Between 1804-1854 and 1860-1920, Árva County shared borders with Austrian Galicia and the Hungarian counties of Trencsén, Turóc and Liptó County. The county's territory was situated along the Árva (Orava) river between Zázriva (Zázrivá) and the Tatra Mountains. Its area was 2019 km2 around 1910. Now the territory is divided between Poland and Slovakia. The main Polish town of Orava is Jabłonka.

==Capitals==
The county seat was at the Orava Castle (Hungarian: Árva vára). After the destruction of the town by the Lithuanian troops in 1683, the seat was moved to Alsókubin (also Kolbin, Kublen, Kubin, Also Helben, Clbin, Culbyn, Cublyn, present-day Dolný Kubín).

==History==
Emerging from the Zólyom royal land (zólyomi erdőispánság), the first written mention about Árva County is from 1349. However, the territory had been still referenced as a district in 1351-1368 and it finally became a county with its own self-administration in 1370.

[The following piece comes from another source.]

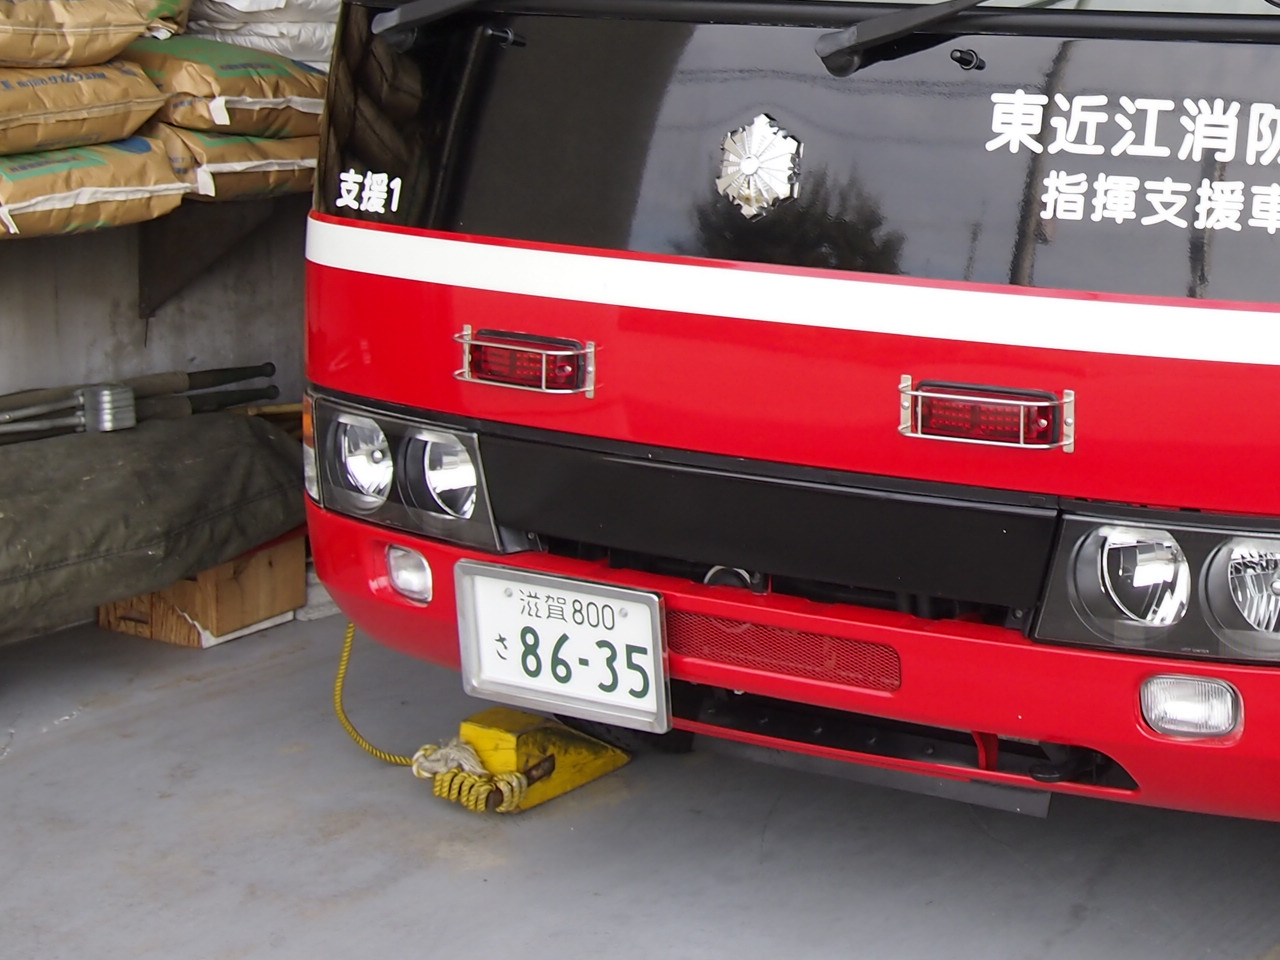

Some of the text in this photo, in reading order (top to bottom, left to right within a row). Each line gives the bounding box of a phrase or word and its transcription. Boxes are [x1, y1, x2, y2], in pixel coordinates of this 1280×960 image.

On 13 September 1850, following the Revolutions of 1848 in the Austrian Empire, Árva and Turóc counties were merged to form Árva-Turóc county, (Note: referred to as the Arva-Thurozer Gespanschaft in the 1850 legislation, and as Arva-Thuróczer Comitat in the 1854 legislation) becoming part of the Military District of Preßburg; this merger was re-affirmed in 1853 and 1854. In 1860 Hungary's pre-1850 counties, including Árva, were restored.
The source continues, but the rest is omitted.